Gadis itu memegang dada dengan sangat kencang. "Se … sak …," rintih Mikha dengan napas tersisa. Deru napas, tidak bisa ia kontrol.

Sontak Morger mengubah posisi, dan menjadikan tanganya sebagai sandaran gadis itu.

"Mikha." Dia menggoyang tubuh si gadis untuk memastikan apa dia masih dalam kondisi sadar atau tidak. Namun, tidak ada balasan yang ia terima.

Dia menggoncang lebih kuat. "Mikha …."

Hening.

"MIKHA!" teriaknya dengan raut wajah yang tidak dapat dikontrol. Perasaan khawatir tidak dapat ia dustakan.

Terdengar erangan kecil. "A … ku, tidak apa … apa," ujar Mikha dengan tersengal-sengal.

Seketika ada perasaan lega dari lelaki itu, walaupun hanya sedikit. Tanpa menunggu lama, dia beralih ke arah sopir. "Pak, kita ke rumah sakit sekarang!"

Alih-alih Mikha mencengkeram tangan Morger dengan kuat, seraya menggeleng pelan. "Tidah usah … aku mulai baikkan …."
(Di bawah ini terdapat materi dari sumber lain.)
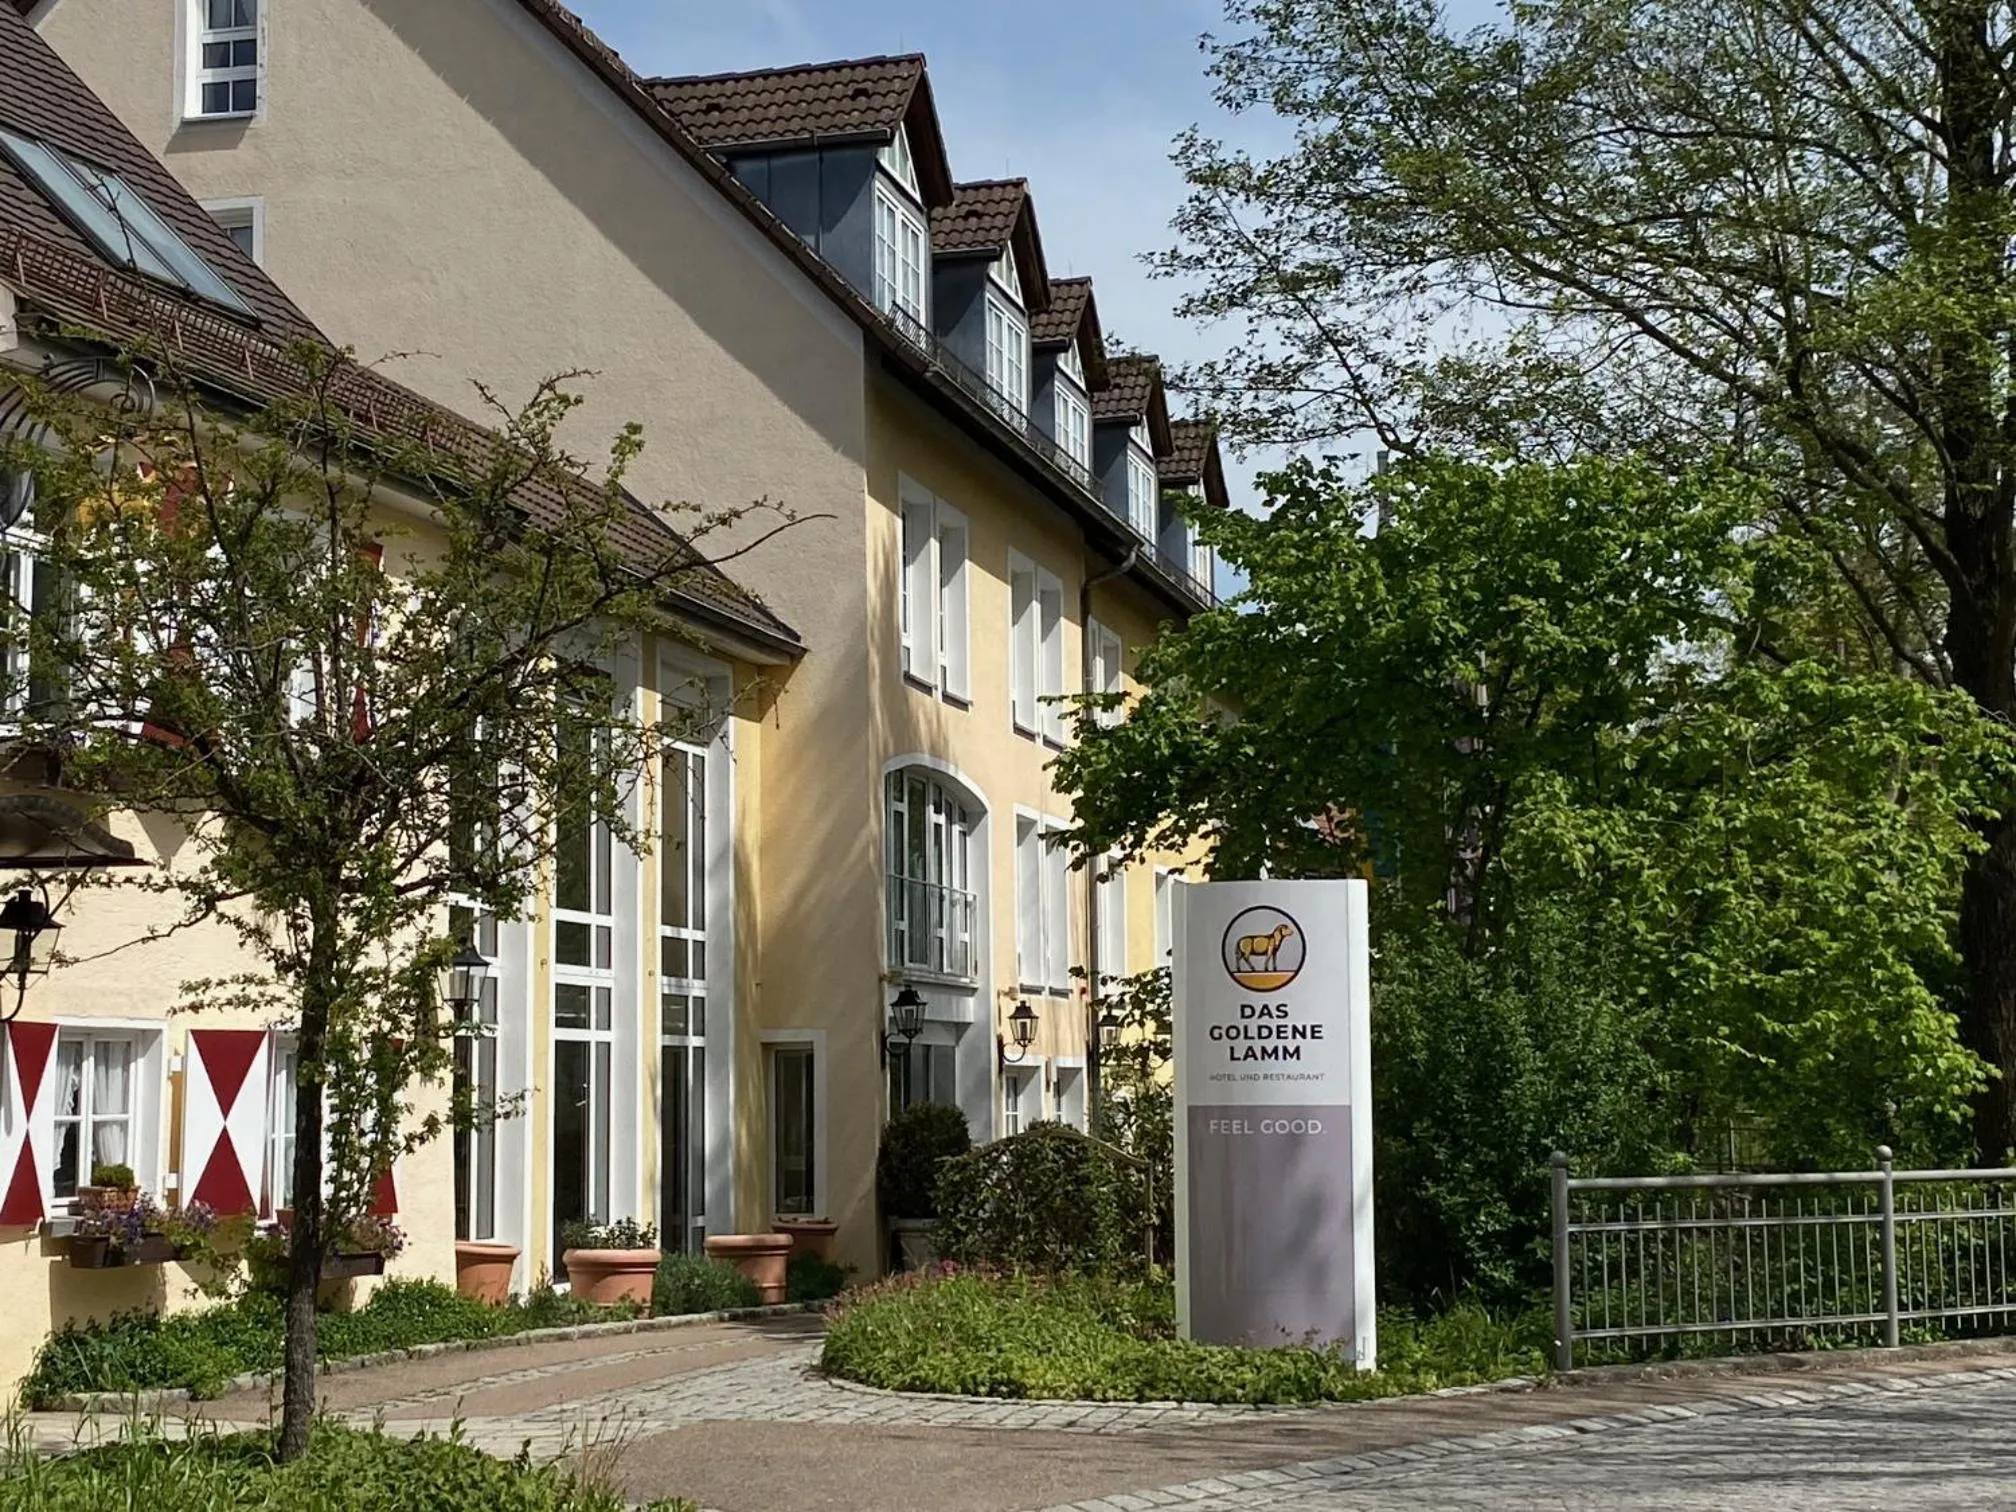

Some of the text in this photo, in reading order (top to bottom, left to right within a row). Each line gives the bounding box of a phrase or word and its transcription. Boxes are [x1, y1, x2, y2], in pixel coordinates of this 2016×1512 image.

[1240, 1003, 1289, 1019] DAS
[1209, 1024, 1324, 1041] GOLDENE
[1229, 1045, 1301, 1062] LAMM
[1209, 1072, 1325, 1082] HOTEL UND RESTAURANT
[1209, 1119, 1254, 1135] FEEL
Lelaki itu hanya diam. Namun, Mikha dapat merasakan, bahwa tubuh Morger meluluh.

"Baiklah," ujar si lelaki dengan intonasi yang mulai tenang. Dia pun meletakkan kepala Mikha di pangkuannya. "Sebentar lagi kita akan sampai."
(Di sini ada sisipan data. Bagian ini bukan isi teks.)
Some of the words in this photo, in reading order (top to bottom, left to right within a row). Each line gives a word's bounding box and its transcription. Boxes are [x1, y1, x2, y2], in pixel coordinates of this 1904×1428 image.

Morger membuang pandangan ke arah luar jendela.

Kesal?

Tentu saja perasaan itu yang ia rasakan. Bagaimana tidak? Ia tidak menyadari berapa lama perempuan itu menahan rasa sesak. Seandainya dia menyada lebih cepat, pasti Mikha tidak akan semenderita tadi.

Seketika ia menertawakan dirinya sendiri.

"Morger," panggil Mikha dengan napas yang mulai terkontrol.

"Iya?"

"Aku punya impian. Kau mau tahu?"

Morger mengangguk.

"Aku ingin membangun sekolah yang sangat besar. Tapi, hanya untuk kalangan kami." Entah kenapa, Mikha merasa teriris ketika mengucapkan kata 'kami'. Menyadari jauhnya jarak perbedaan antara ia dan Morger.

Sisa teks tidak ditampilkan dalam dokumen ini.